FCPAméricas Blog

Reflections on Week of Compliance in Brazil

Author: Guest Author

This guest post was written by Tom Fox, known as the Compliance Evangelist. It has been cross-posted from the FCPA Compliance and Ethics Blog.

I have finished up my week in Brazil and I wanted to end this week’s Brazil focused blog posts with some final thoughts and observations on the country’s burgeoning compliance scene. It truly was a week of revelations for me. I started going to Brazil back in 2007 when I held my last corporate position to do Foreign Corrupt Practices Act (FCPA) internal investigations. My employer at the time was under a Deferred Prosecution Agreement (DPA) for FCPA violations and we were one of the very few companies who even had a compliance program in place.

My most recent trip was back in 2015 and at that time I would have said that Brazilian compliance was five years behind the US. Nascent but growing. However, in 2018, the Brazilian compliance scene is incredibly dynamic and I would put it only a step or two behind the US compliance scene. The impact of Operation Java Lato (Car Wash) and Odebrecht have opened the eyes of Brazilian businesses that the old ways of doing business simply will no longer be tolerated. This has led to not only growing sophistication around compliance but also a greater thirst for information on compliance best practices.

I attended the LEC 6th International Compliance Congress and the attendance rivaled that of any event in the US, save the annual SCCE Compliance and Ethics Institute. There were nearly 800 in attendance and it was a vibrant and lively scene both inside and outside the meeting rooms.

My talk was on using metrics to both determine and demonstrate compliance program effectiveness. Obviously, this issue has become important over the past few years and with the release of the Department of Justice’s (DOJ) Evaluation of Corporate Compliance Programs (Evaluation) in February 2017 and announcement of the new FCPA Corporate Enforcement Policy in November 2017, such metrics came to the forefront of the US compliance practitioner.

Brazilian compliance practitioners have fully embraced this new metrics approach and were eager to learn more about it. They saw the use of metrics as having far broader implications than simply responding to regulators. They knew that without compliance program metrics, you could not determine the state of your own compliance program. Moreover, without metrics used a in feedback loop, there is no way to test the effectiveness of your risk management system and to improve. While some commentators in the US still resist such process improvements, it was clear to me that the Brazilian compliance community embraces not only the use of metrics but realizes it is the key to both measuring and improving your compliance program.

But even beyond the use of metrics there was a great interest in moving compliance into the business processes arena to help improve business efficiency and profitability. While I have been talking about this for a few years, I spoke with several Brazilian compliance officers who are moving to more fully operationalize their compliance programs through this process approach. One compliance officer told me she was correlating gifts, travel and entertainment (GTE) spend with her business development sales cycle. Through this approach, she was not only making her compliance program more robust but it provided information to the business development folks on the nature, quality and effectiveness of their GTE customer spend.

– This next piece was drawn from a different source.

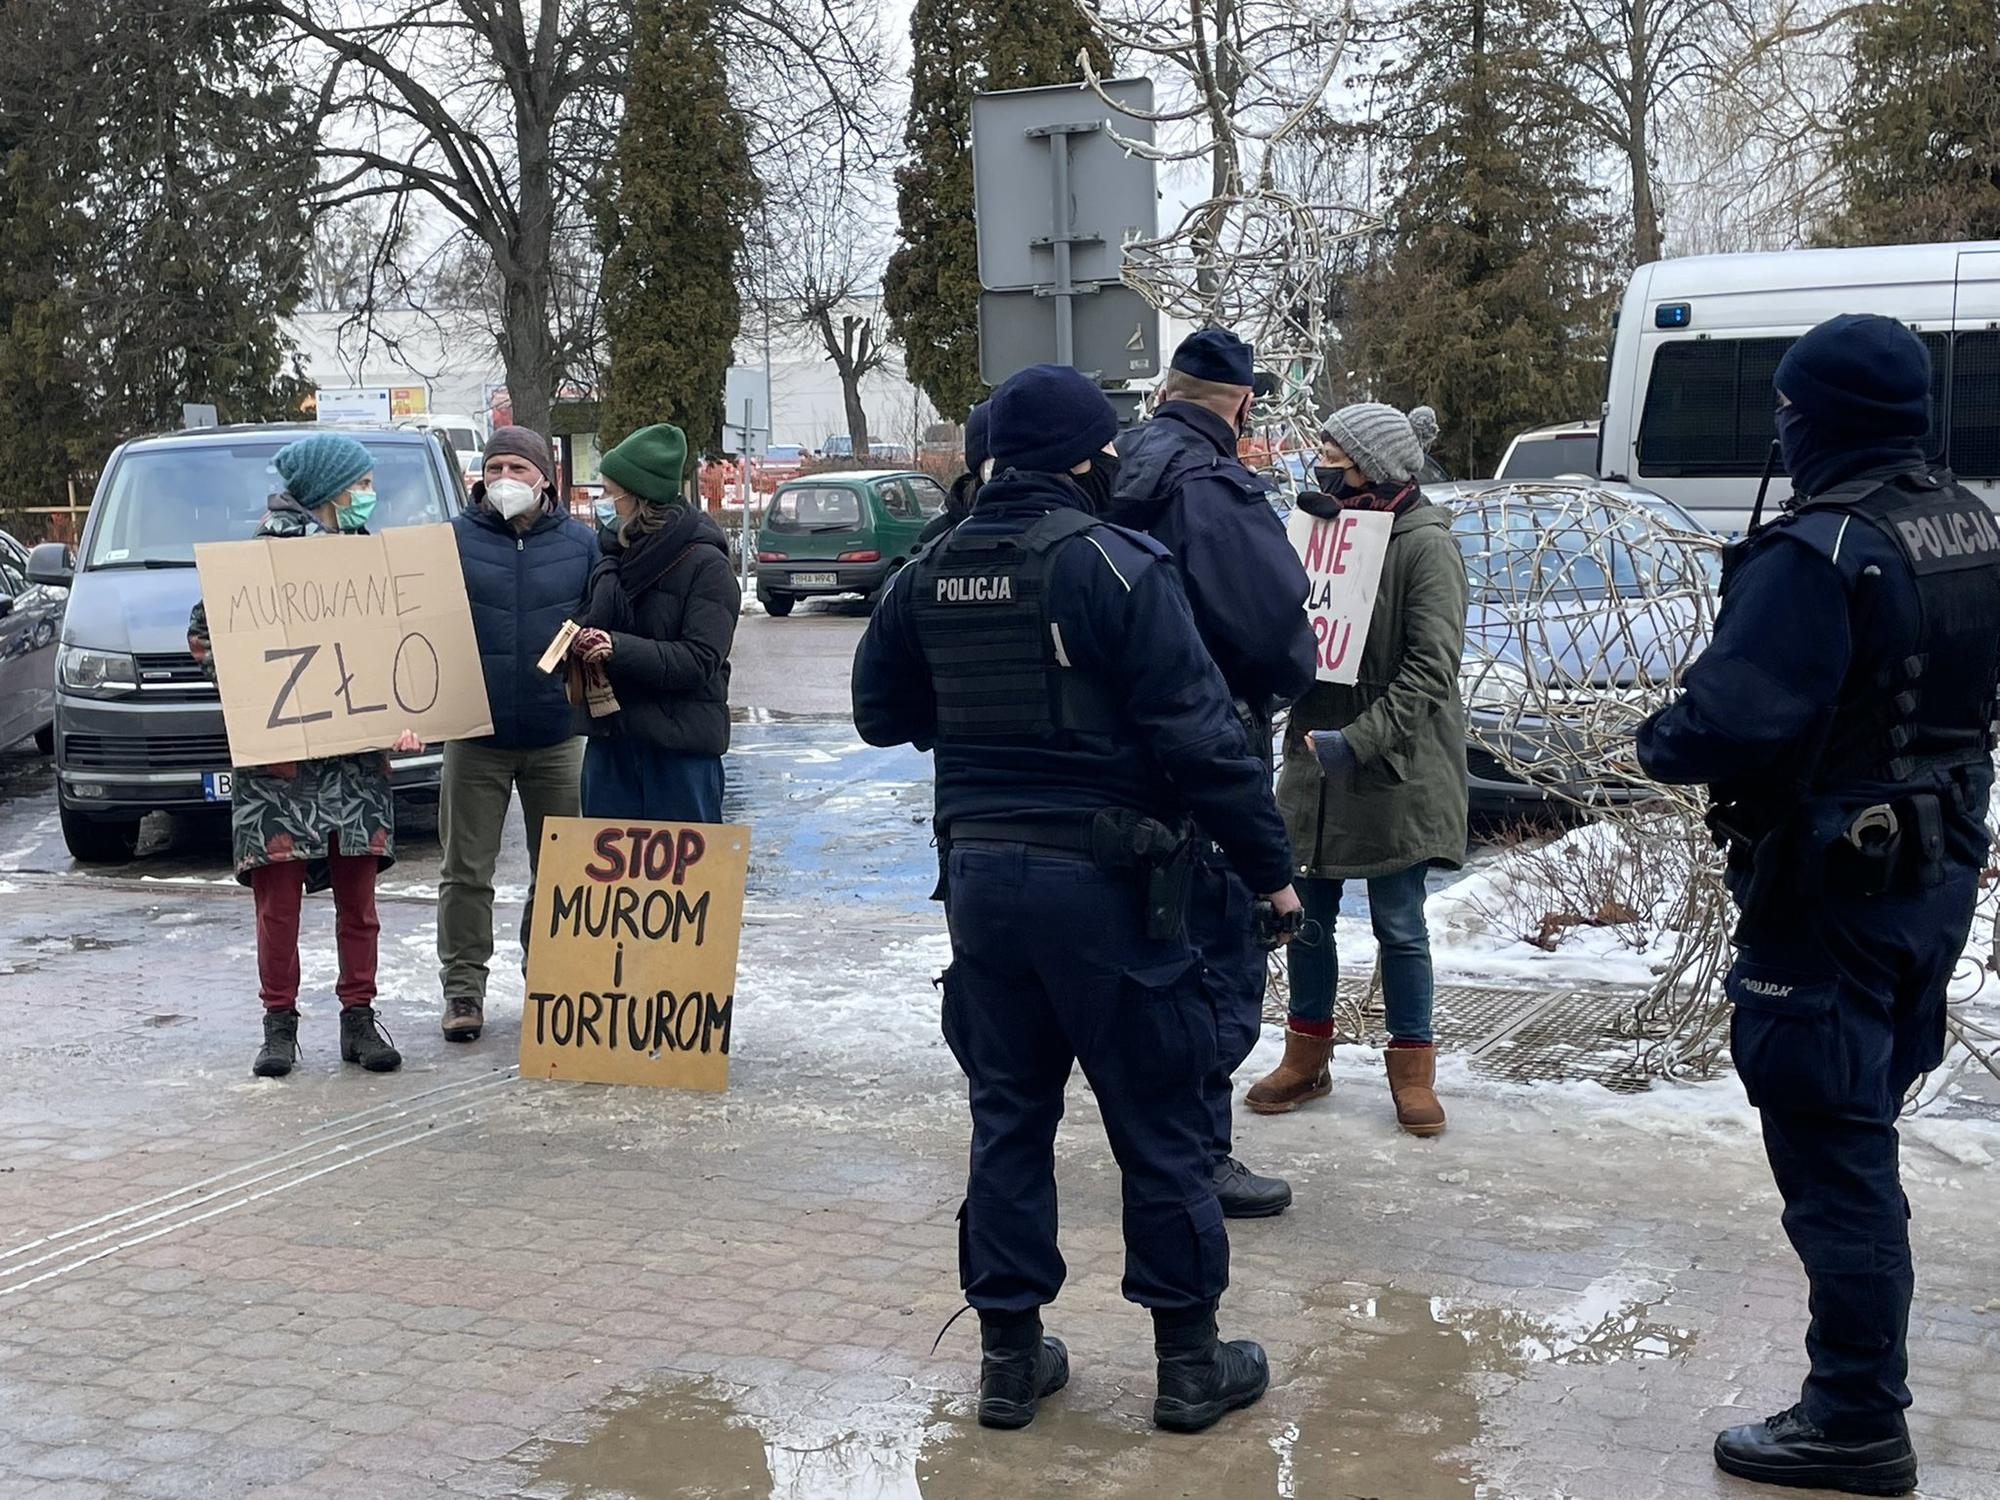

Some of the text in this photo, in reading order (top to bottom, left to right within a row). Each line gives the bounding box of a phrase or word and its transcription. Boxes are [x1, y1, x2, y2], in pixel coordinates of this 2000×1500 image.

The next observation was more continent wide than simply Brazil or as Matt Ellis said in my first podcast with him way back when “South America is not a country.” With multiple countries passing anti-bribery/anti-corruption legislation; such Argentina, Peru, Chile and Columbia, there is a much wider appreciation of fighting the scourge of global corruption than in any time in the past. While in the past these efforts have been led largely by American lawyers, now there is a deep talent pool in Brazil who can fan out literally across the continent to help to provide compliance consulting and guidance. Obviously, Brazilian prosecutors have much more experience than their South American counter-parts after the huge cases involving Petrobras, Odebrecht/Braskem, J&F, Rolls-Royce and Embraer. But it is more than simply prosecutorial know-how, coupled with the political will to enforce the law.

It is also an understanding of the nuts and bolts of compliance, which is something near and dear to the heart of the Compliance Evangelist. The prosecutors in those countries will need an education in and an understanding of what constitutes a best practices or effective compliance program. Companies in those countries will certainly need assistance in how to design, create and implement effective compliance programs. I think this home-grown compliance expertise and talent in Brazil may well be utilized on a continent-wide basis, rather than the exclusive reliance on US expertise and talent.

There has also been an explosion in compliance due to Brazilian prosecutions for corruption. This is a phenomenon I have observed in the energy industry in Houston where the business response to the uptick in FCPA in the first decade of this century was to institute compliance programs, literally up and down the business chain. In Houston this meant that if you wanted to do business in the energy space, you had to have a compliance program in place; from the largest multi-national down to the $15 million one product software company. This increase in compliance was self-imposed and self-policed in the industry. Now in Brazil, if you want to do business with Petrobras, your organization must have a compliance program in place.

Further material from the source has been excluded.